In eastern Afghanistan’s Khost Province, Kael helped prioritize over $50 million dollars in U.S. reconstruction funds and worked to reintegrate former Taliban fighters in coordination with U.S. military leaders and Khost’s Afghan governor. He also met with a group of former Guantanamo Prison detainees and helped lead U.S. government political engagement with Afghan tribal and religious leaders. In Helmand Province, he worked directly with a Marine commanding general during the 2008-2009 U.S. troop surge that doubled Marine forces in the area from just under 11,000 to almost 20,000.
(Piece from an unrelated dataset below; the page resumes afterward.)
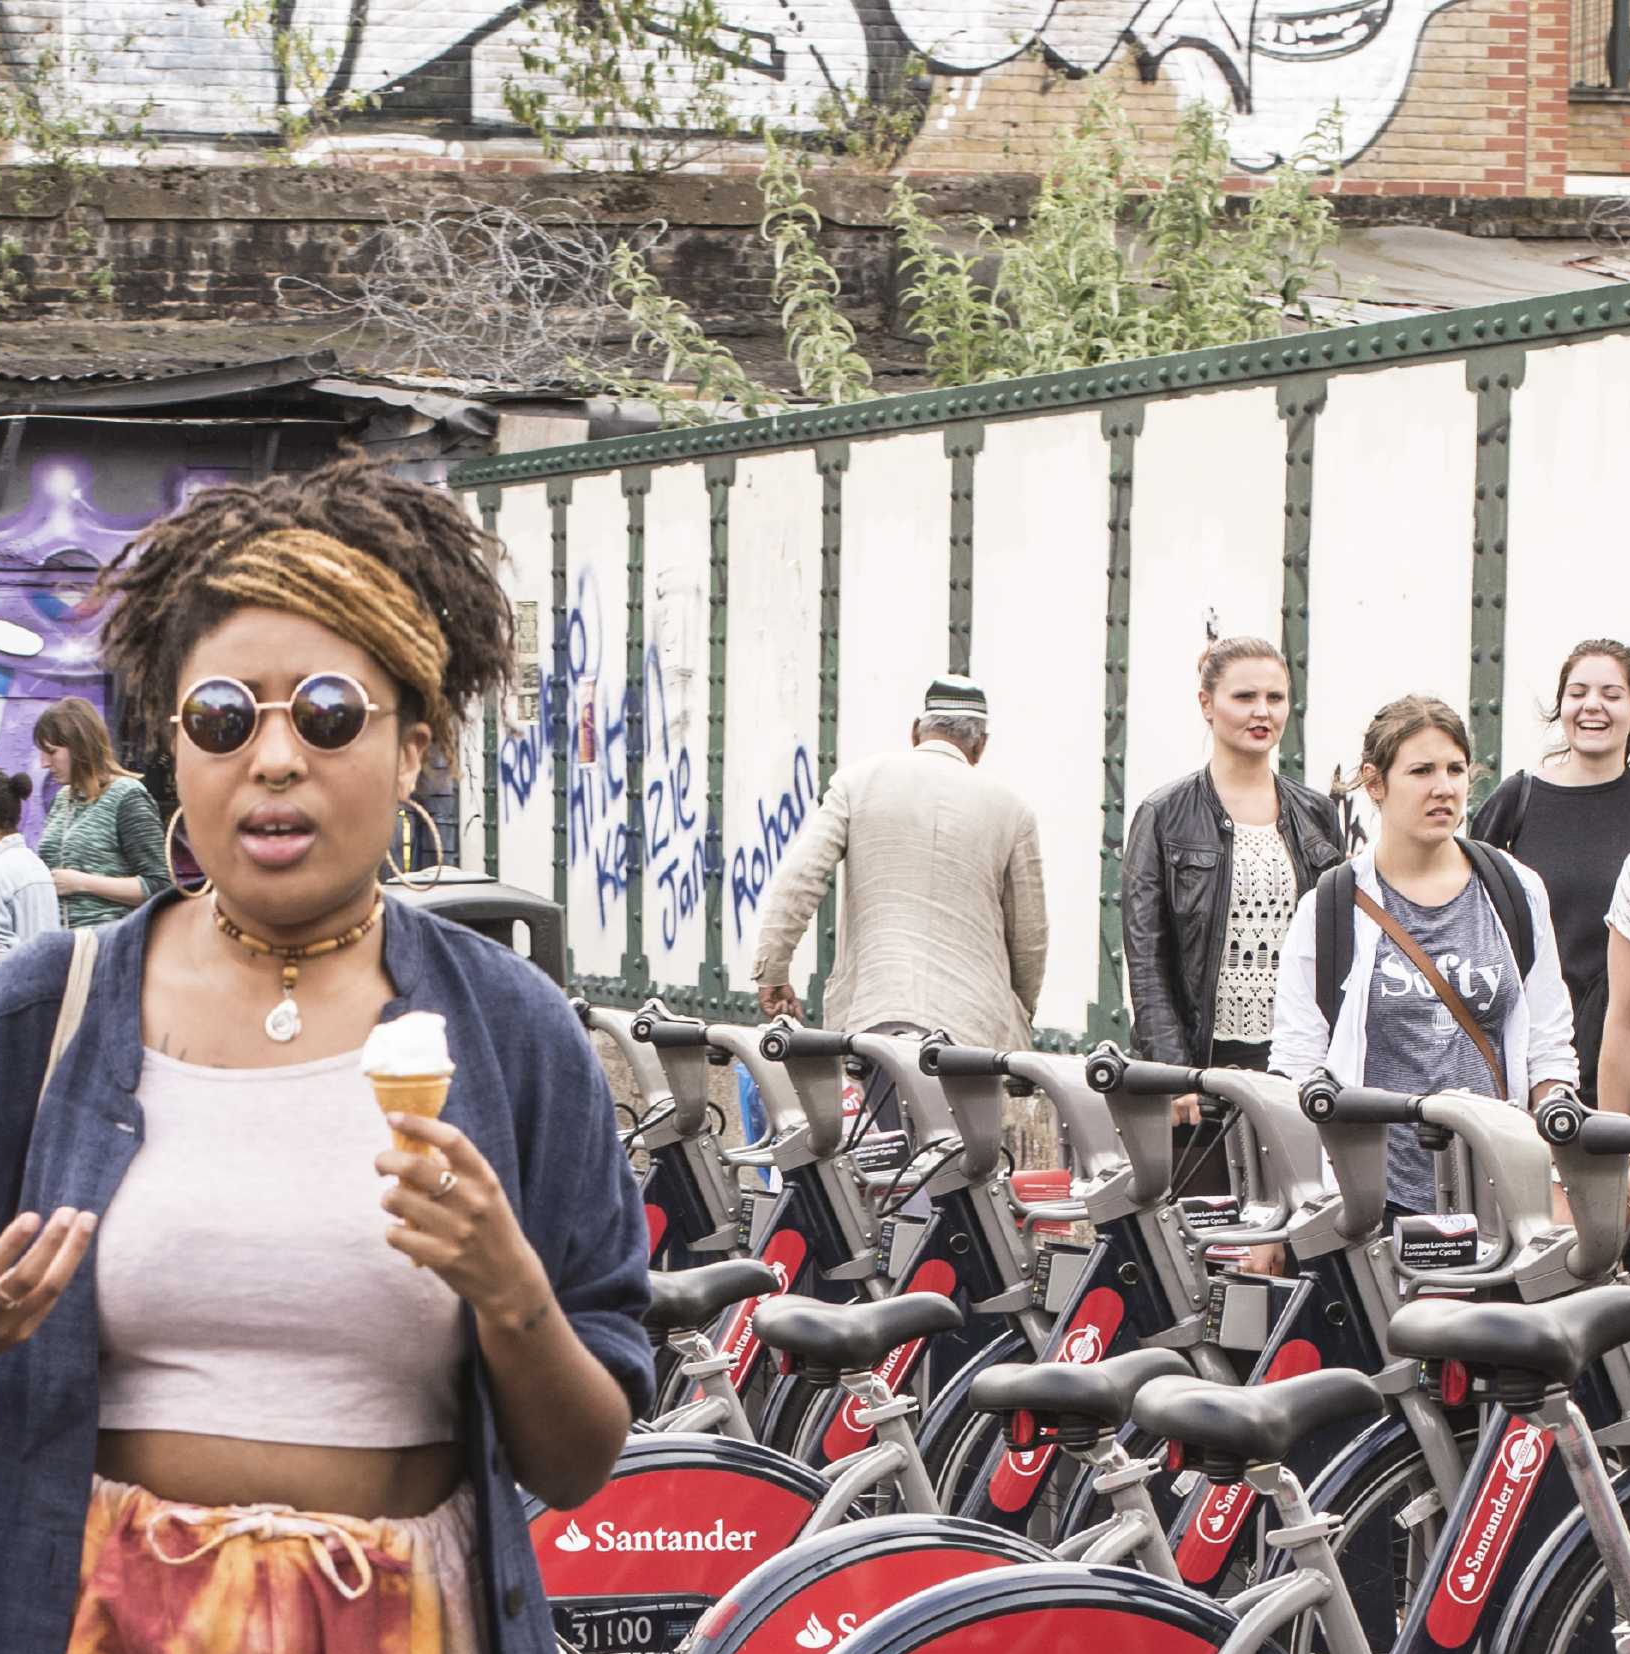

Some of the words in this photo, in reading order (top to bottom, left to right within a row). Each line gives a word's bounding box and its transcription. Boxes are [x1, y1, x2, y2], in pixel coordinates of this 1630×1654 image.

Kael is the author of the book, The Mirror Test (Knopf, 2016) a New York Times Editors’ Choice (NYT Book Review) and Military Times’ Best Book of the Year. He has taught at the college level in Utah and in Quantico, Virginia, at Marine Corps University, as well as leading seminars at the U.S. Naval Academy in Annapolis, Maryland. Kael writes monthly for the Salt Lake Tribune and has contributed to NPR, New York Times, Washington Post, The Hill, Wall Street Journal, Foreign Affairs, Daily Beast, and other publications.

For Kael Weston’s multi-year service in Fallujah, Iraq, the State Department awarded him the Secretary of State’s Medal for Heroism.